* About this exercise *
Retype the data that follows line by line, exactly, and leave its pictures out.

Segment Start: Records supplied

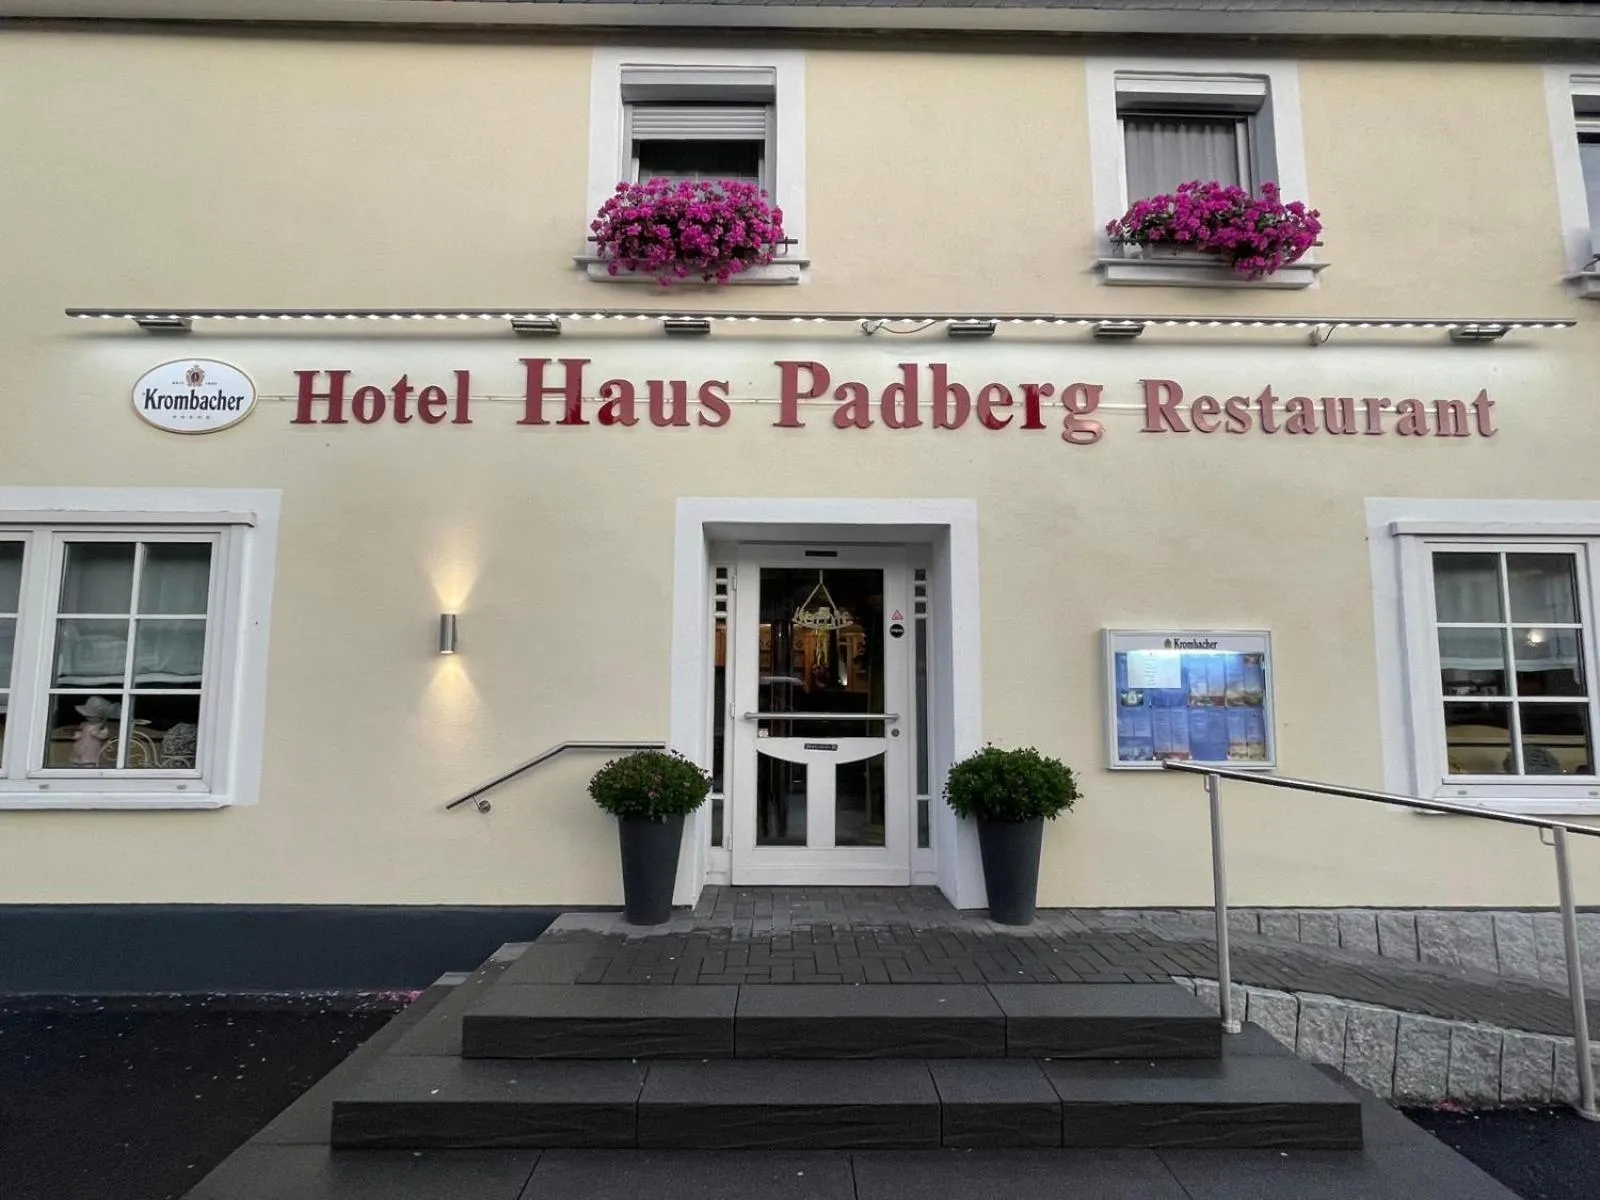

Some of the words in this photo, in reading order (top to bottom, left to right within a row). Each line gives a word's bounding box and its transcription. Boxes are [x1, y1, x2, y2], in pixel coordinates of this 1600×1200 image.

[144, 388, 244, 411] Krombacher
[290, 369, 473, 424] Hotel
[516, 357, 732, 428] Haus
[773, 360, 1104, 445] Padberg
[1138, 379, 1500, 437] Restaurant
[1173, 638, 1218, 649] Krombacher

Segment End: Records supplied

* Completed task *
Some of the words in this photo, in reading order (top to bottom, left to right within a row). Each line gives a word's bounding box and its transcription. Boxes are [x1, y1, x2, y2], in pixel coordinates of this 1600×1200 image.

[144, 388, 244, 411] Krombacher
[290, 369, 473, 424] Hotel
[516, 357, 732, 428] Haus
[773, 360, 1104, 445] Padberg
[1138, 379, 1500, 437] Restaurant
[1173, 638, 1218, 649] Krombacher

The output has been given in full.